Existe una falsa lógica detrás de esto: el filósofo Karl Popper argumenta que el método científico al menos debe poder falsearse. Es decir, una teoría científica debe de cierta forma poder refutarse con contra-ejemplos, pero incluso esto no es suficiente. Un experimento puede fallar por factores que no tienen que ver con la teoría en sí. Un buen ejemplo es la idea de que las mascarillas no funcionan cuando se toma como dato que ciertas regiones con obligatoriedad en su uso tienen altas tasas de contagio.

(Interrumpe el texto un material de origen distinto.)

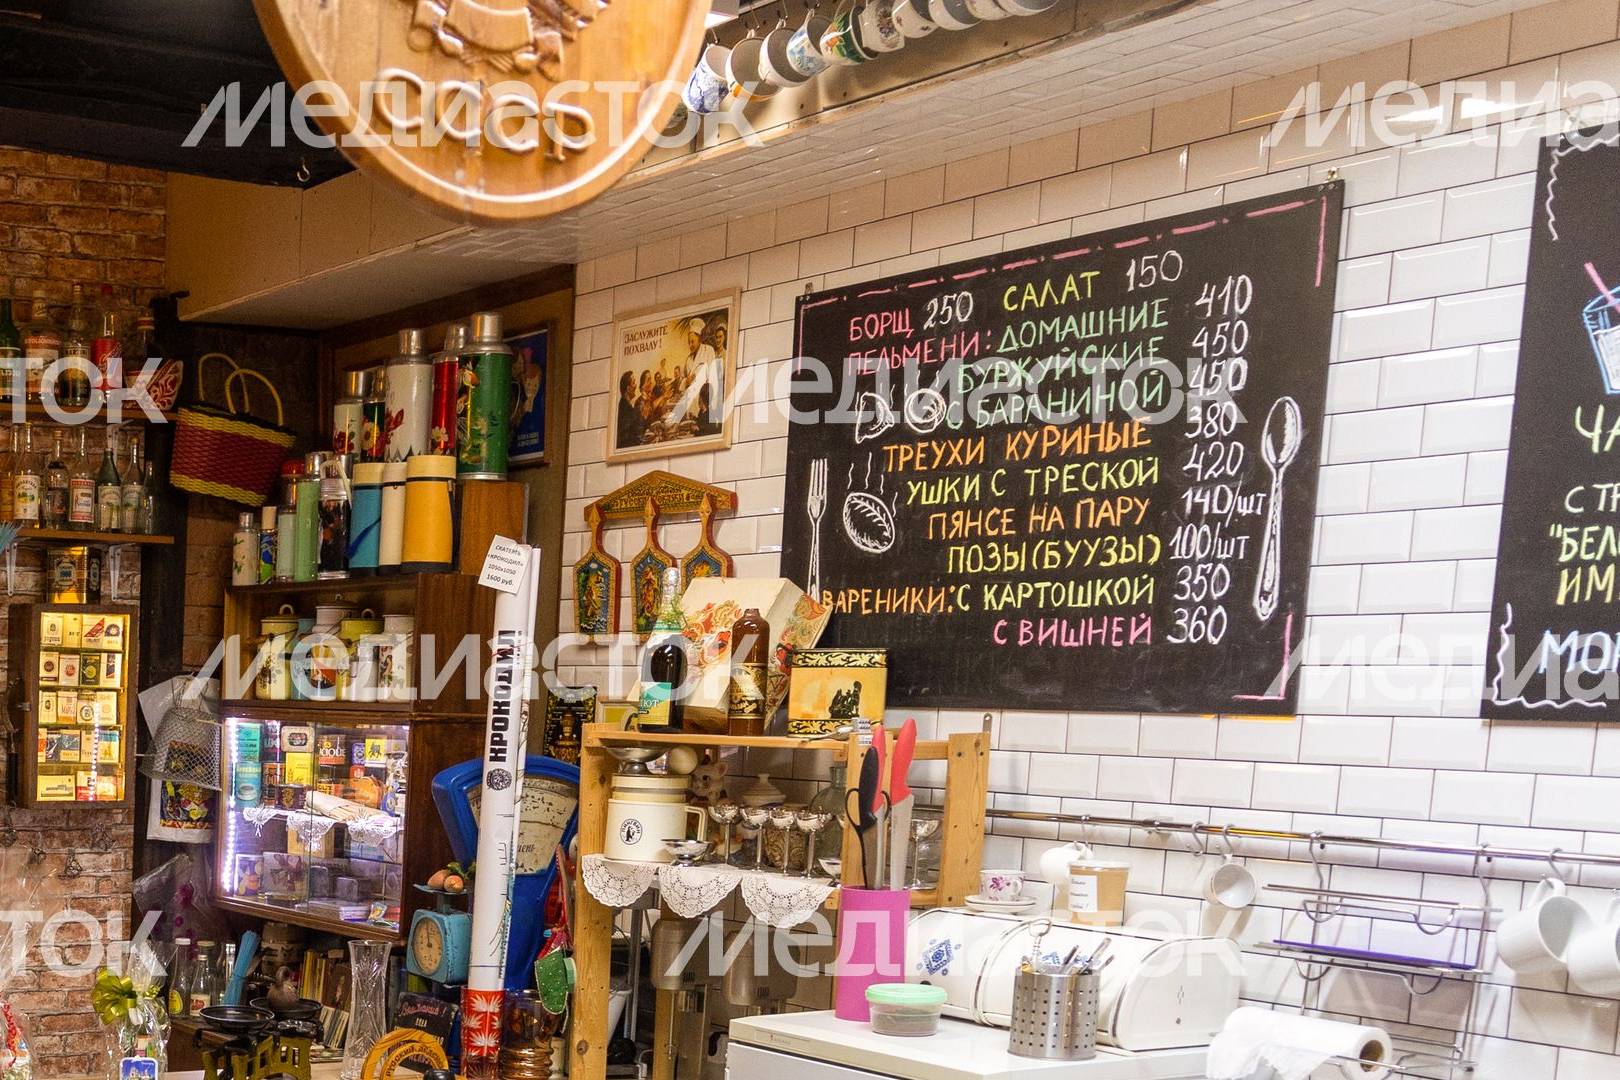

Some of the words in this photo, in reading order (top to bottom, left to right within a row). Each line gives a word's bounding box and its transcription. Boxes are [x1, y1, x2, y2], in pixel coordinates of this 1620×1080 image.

[374, 67, 594, 162] СССР
[1003, 270, 1100, 311] САЛАТ
[1126, 250, 1183, 292] 150
[623, 323, 670, 345] ЗАСЛУЖИТЕ
[849, 307, 914, 342] БОРЩ
[923, 291, 974, 331] 250
[997, 297, 1169, 353] ДОМАШНИЕ
[1194, 274, 1253, 318] 410
[623, 339, 664, 357] ПОХВАЛУ!
[957, 336, 1169, 395] БУРЖУЙСКИЕ
[1192, 320, 1249, 358] 450
[945, 400, 962, 430] С
[976, 369, 1165, 429] БАРАНИНОЙ
[1189, 357, 1249, 396] 450
[882, 436, 985, 473] ТРЕУХИ
[1006, 416, 1153, 461] КУРИНЫЕ
[1184, 402, 1238, 439] 380
[906, 473, 981, 506] УШКИ
[991, 468, 1006, 497] С
[1024, 456, 1160, 497] ТРЕСКОЙ
[1181, 441, 1245, 480] 420
[928, 508, 1017, 540] ПЯНСЕ
[1028, 503, 1065, 534] НА
[1075, 496, 1150, 530] ПАРУ
[1564, 485, 1585, 513] С
[487, 553, 524, 568] «КРОКОДИЛ»
[495, 544, 522, 557] СКАТЕРТЬ
[486, 572, 502, 583] 1600
[501, 576, 515, 587] руб.
[956, 584, 971, 611] С
[982, 573, 1155, 612] КАРТОШКОЙ
[1173, 564, 1231, 602] 350
[993, 618, 1008, 646] С
[1018, 613, 1152, 648] ВИШНЕЙ
[1165, 607, 1228, 646] 360
[488, 630, 517, 763] КРОКОДИЛ

Hay muchos factores adicionales que influyen en la transmisión de esta enfermedad, por ejemplo, la densidad poblacional, la demografía de la población, el nivel socio-económico, los sistemas de salud, la cultura de cada país que incluye el cumplimiento del distanciamiento social, el correcto uso de la mascarilla, el tipo de mascarillas usadas etc.

Los hechos hablan por sí solos; la solidaridad y apoyo entre científicos ha sido algo particularmente notorio durante este tiempo, el libre acceso a artículos científicos ha permitido a un enorme desarrollo en el conocimiento del virus.

Experimentos aleatorios controlados, óptimos en medicina, muestran que las mascarillas quirúrgicas, las Kn-95 son efectivas en disminuir el riesgo de contagio. Con esta información la mejor estrategia es implementar el uso de mascarillas y comunicar sobre su correcto uso, que tipo de mascarillas son eficaces, mientras se aplica el distanciamiento social.

Las falacias lógicas pueden ser difíciles de refutar, pero están en todos lados. Las más usuales son lo que se conoce en ingles como cherry picking o evidencia incompleta, y es cuando se selecciona un dato, una estadística que nos gusta o se acomoda a nuestra posición, sin tomar en cuenta la calidad de los datos, ni todos los puntos de vista, y se ignoran muchas pruebas con información diferente. Otro tipo de falacia es cuando saltamos a una conclusión, cuando levantamos expectativas imposibles (ejemplo: inmunidad de grupo menor al 20%), cuando confiamos en falsos expertos, cuando promovemos teorías de conspiración, entre otras.

Los hechos suelen intervenir con nuestros deseos. Al inicio de la pandemia no se sabía mucho sobre la transmisión del virus, el periodo de incubación, no existía un robusto sistema para hacer pruebas y rastreo etc., por lo que no había una forma conocida de frenar la propagación del virus sin quedarnos en casa. Rechazar la evidencia porque no se acomoda a nuestros gustos implica un riesgo y en este caso la desinformación llega a ser letal.

Los hechos hablan por sí solos; la solidaridad y apoyo entre científicos ha sido algo particularmente notorio durante este tiempo, el libre acceso a artículos científicos ha permitido a un enorme desarrollo en el conocimiento del virus y todo lo implicado con la enfermedad en poco tiempo, un avance en los diferentes tratamientos, al punto de que muchos laboratorios están generando sus vacunas para venderlas a precio de costo.

La ciencia necesita de libertad y de pensamiento crítico, pero sobre todo se soporta en evidencia. A diferencia de las ideologías y la pseudociencia, la ciencia camina con errores y los va corrigiendo, mediante experimentación y observación. Es justamente la refutación el núcleo de la organización científica. Las vacunas por lo tanto se someten a una valoración cuantificable.